Не обращая внимания на вопли женщины, Том вернулся к разложенным на полу предметам. Жадно глотая воздух, Сара упала на колени и схватилась за низ живота. Призрак еще раз ткнул пальцем в вещи из тайника и вновь приказал озвучить правду.
– Если ты будешь молчать, он отнимет жизнь сына в твоем чреве. Ты меня услышала?
– Умоляю, отпусти меня, Том, – продолжала причитать Сара.
Вытянув руку, призрак заметил, что сукровица перестала сочиться и рука стала прозрачной. Тогда он резко встал и с силой вонзил прозрачную кисть в живот бедняжки.

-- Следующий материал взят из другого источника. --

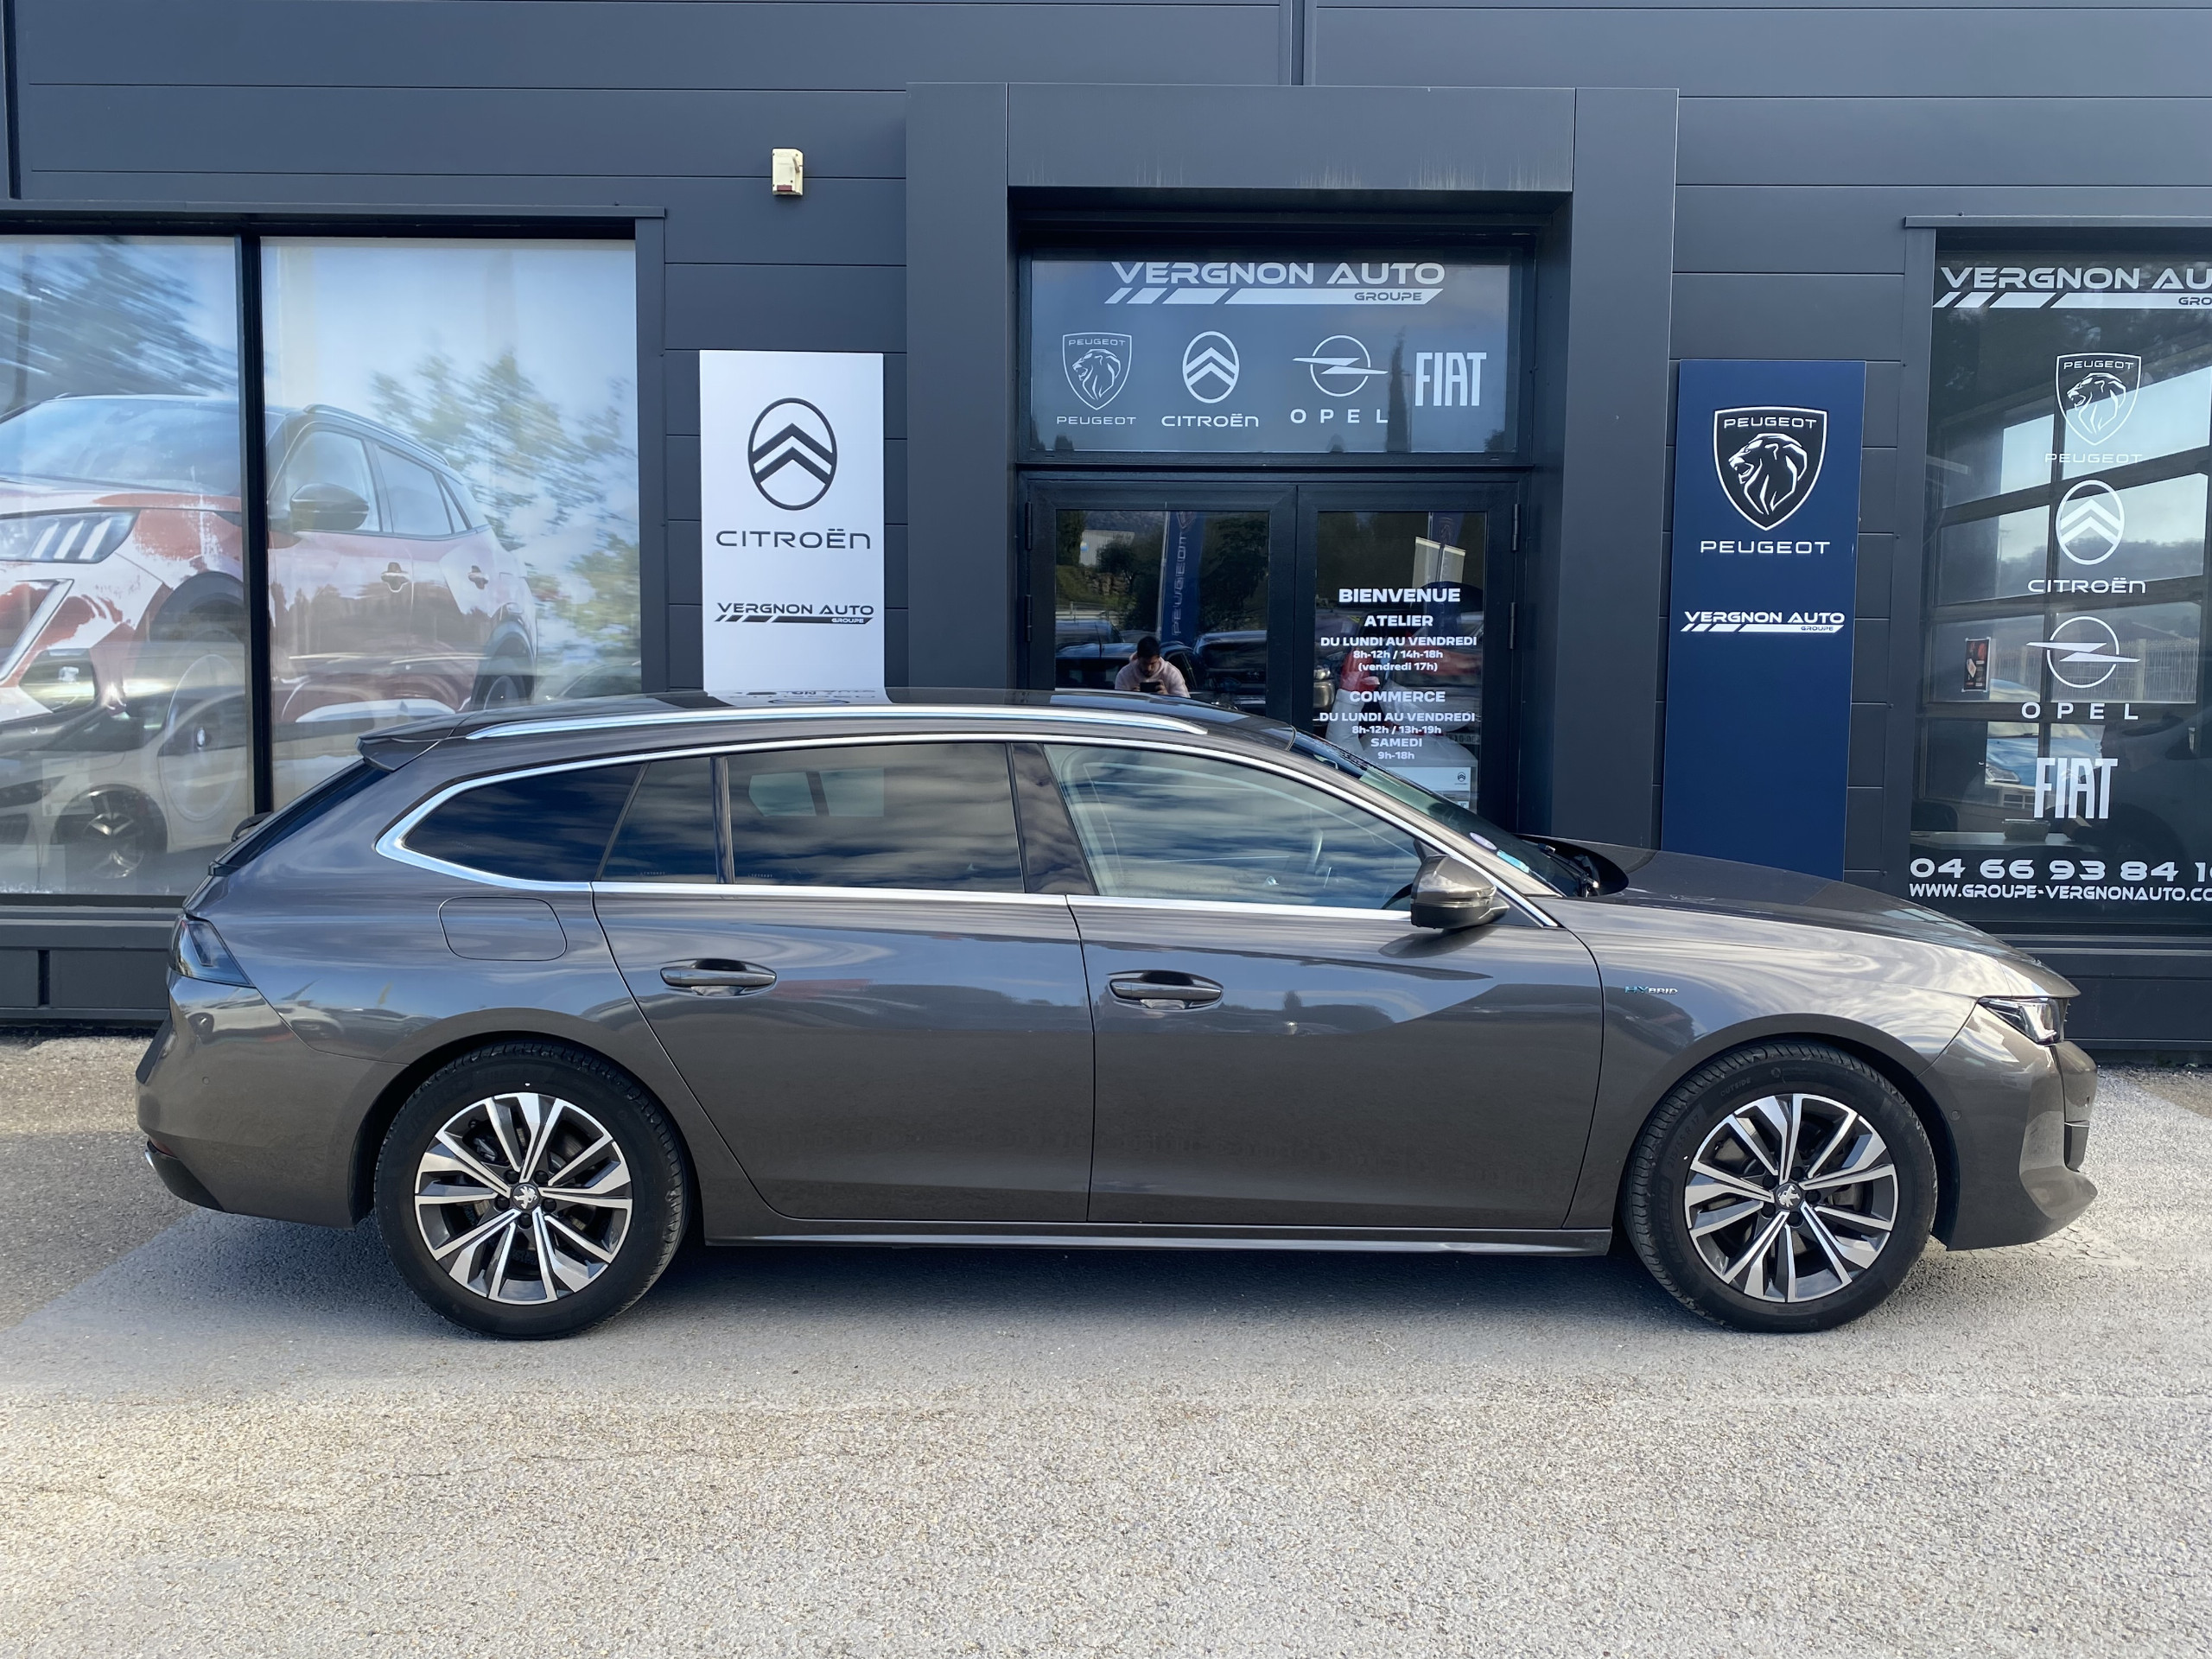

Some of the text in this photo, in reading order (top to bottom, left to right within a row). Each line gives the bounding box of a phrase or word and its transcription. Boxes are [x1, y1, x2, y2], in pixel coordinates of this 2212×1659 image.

[1111, 262, 1446, 285] VERGNON AUTO
[1941, 267, 2212, 289] VERGNON AU
[1354, 291, 1422, 302] GROUPE
[1068, 338, 1126, 347] PEUGEOT
[2063, 359, 2134, 370] PEUGEOT
[1414, 352, 1487, 407] FIAT
[1057, 416, 1136, 426] PEUGEOT
[1290, 409, 1388, 423] OPEL
[1724, 416, 1817, 429] PEUGEOT
[2045, 453, 2143, 464] PEUGEOT
[1700, 540, 1831, 554] PEUGEOT
[1338, 588, 1460, 603] BIENVENUE
[717, 602, 874, 615] VERGNON AUTO
[1363, 615, 1433, 626] ATELIER
[1684, 612, 1845, 624] VERGNON AUTO
[1320, 636, 1477, 646] DU LUNDI AU VENDREDI
[1353, 650, 1390, 658] 8h-12h
[1400, 650, 1443, 658] 14h-18h
[1357, 662, 1438, 672] (vendredi 17h)
[1350, 690, 1446, 702] COMMERCE
[2021, 702, 2139, 720] OPEL
[1319, 712, 1475, 722] DU LUNDI AU VENDREDI
[1351, 725, 1389, 734] 8h-12h
[1398, 725, 1442, 734] 13h-19h
[1370, 738, 1422, 747] SAMEDI
[1377, 751, 1415, 760] 9h-18h
[2033, 757, 2119, 819] FIAT
[1910, 858, 2212, 882] 04 66 93 84 1
[1910, 883, 2212, 901] WWW.GROUPE-VERGNONAUTO.CO
[1625, 986, 1678, 995] HYBRID

– Говори правду, ведьма! – закричал он, сдавливая крохотное тельце ребенка в ее чреве.
От резкой боли Сара потеряла сознание, а когда хлесткие пощечины привели ее в чувство, трагедия уже свершилась. На песке лежал крохотный малыш. Слезы сами потекли по щекам. Зажимая низ живота, госпожа Тук отползла в сторону, умоляя пощадить ее, но призрак не реагировал, он, словно кукла в чужих руках, нашептывал заклинание над камнем в кожаном мешке. Не сразу, но на коже стал проявляться рисунок, три шестипалые кисти с оттопыренными большими пальцами. Рисунок источал едва уловимые ниточки дыма. Призрак положил артефакт на кроху.
– Вот так ты это делала? – он вдавил его в тело ребенка, и то ссохлось на глазах, превращаясь в мумию. – Это ты проделывала с каждым убитым сыном Ральфа, ведьма? – высушивая крохотное тельце, кричал призрак. – Кто тебя этому научил? Говори, ведьма!

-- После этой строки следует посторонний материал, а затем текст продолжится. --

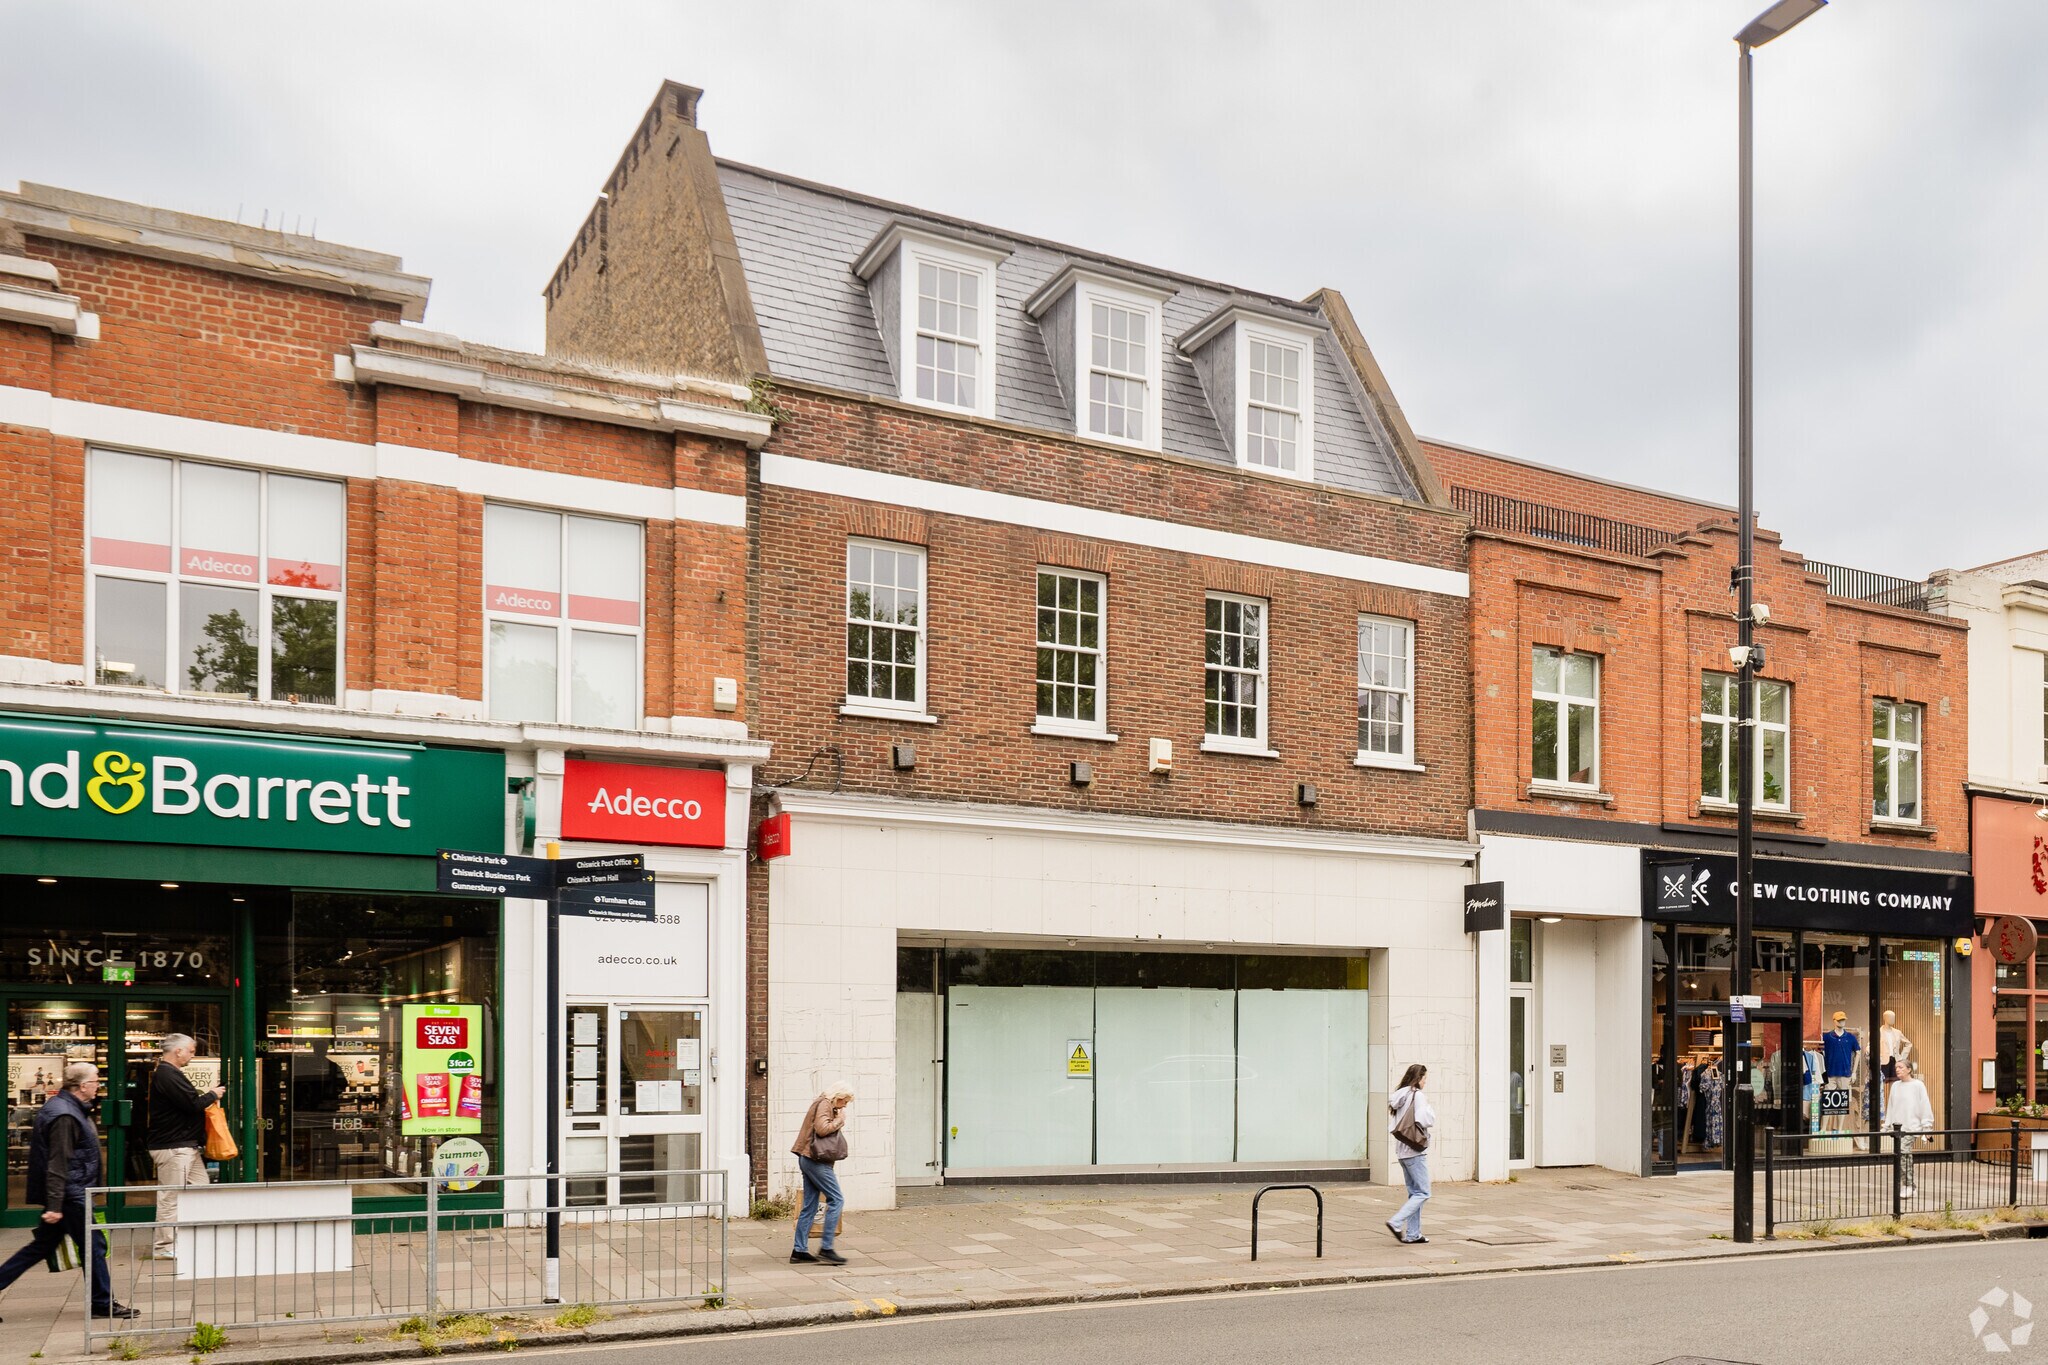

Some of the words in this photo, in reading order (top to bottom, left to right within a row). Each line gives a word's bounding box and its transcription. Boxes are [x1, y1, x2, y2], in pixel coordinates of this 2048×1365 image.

[187, 555, 252, 577] Adecco
[496, 592, 552, 611] Adecco
[588, 787, 702, 820] Adecco
[764, 831, 780, 846] Adecco
[451, 853, 483, 864] Chiswick
[483, 857, 501, 866] Park
[577, 861, 600, 870] Chiswick
[601, 859, 614, 867] Post
[614, 857, 632, 867] Office
[451, 868, 484, 879] Chiswick
[484, 871, 515, 881] Business
[515, 873, 532, 882] Park
[567, 875, 591, 884] Chiswick
[591, 874, 606, 882] Town
[606, 874, 619, 882] Hall
[451, 881, 498, 894] Gunnersbury
[601, 896, 627, 905] Turnham
[627, 898, 647, 907] Green
[1729, 882, 1779, 899] CEW
[1786, 885, 1870, 905] CLOTHING
[1877, 892, 1953, 911] COMPANY
[28, 948, 123, 967] SINCE
[140, 951, 203, 968] 1870
[597, 954, 678, 966] adecco.co.uk
[433, 1007, 452, 1015] New
[424, 1025, 461, 1035] SEVEN
[428, 1035, 456, 1045] SEAS
[332, 1118, 363, 1130] H&B
[439, 1150, 484, 1160] summer

– Пожалуйста, пощади, – прошептала Сара. – Я не виновата, я не убивала их!
– Ложь!
– Клянусь собственной жизнью, меня научила этому бабушка. Она высушивала тушки птиц ради смолы. Масляных катышков.
– Допустим… Зачем они ей?
– Бабушка удобряла ими почву, чтобы прокормить нас.
– Тыквы! – на мгновение улыбнулся призрак, и тут же кто‑то в углу резко заржал, усилив контроль над Томасом. – Кто надоумил убить ребенка?
– Я не убивала, – оправдывалась она. – Так получилось, клянусь, он родился мертвым, и я просто попробовала, а когда перетолкла косточки, получились не черные катушки, а бордовые, в них силы оказалось больше. Намного больше. Все получилось случайно. Богом клянусь, я не убивала ребенка…
– Ложь, – послышался грубый голос в углу. – Ты знала, что будет, и намеренно убила дитя!
Призрак схватил бедняжку за голову и стал сдавливать, требуя говорить только правду. Боль оказалась нестерпимой, и Сара снова потеряла сознание, и опять хлесткие удары по щекам вернули ее в реальность. Мучения продолжались.
– Он спрашивает, кто дал ей камень? – спокойным голосом продолжил призрак.
– Камень нашла бабушка, – вытирая слезы, ответила Сара. – Она нашла в брюхе рыбы кожаный мешочек. Попыталась распороть его и потеряла несколько пальцев – то, что было спрятано под кожей, превратило плоть в прах.
– Верно, – раздалось из угла, а призрак взял мешочек в руку.
Разглядывая загадочный артефакт, Том не сразу заметил, что сукровица высыхает. А когда разница стала существенной и кисть обрела былую легкость, став прежней, словно все зло растворилось, напуганный Чатэр обернулся к наставнику.
– Брось его! – приказал тот, и призрак обронил камень.
– Сосед, умоляю тебя, отпусти, – ползая на коленях, снова взмолилась Сара. – Ну в чем я виновата? Я просто хотела сытой жизни, я не убивала малышей, они рождались мертвыми, клянусь тебе! Ну хочешь, я буду делиться с тобой частью пепла. Ты станешь богатым и счастливым. Умоляю тебя, отпусти!
– Не могу, – покосившись на темный угол, сказал Том.
– Умоляю, выпусти! Пожалуйста, Том, у меня есть деньги, забери все!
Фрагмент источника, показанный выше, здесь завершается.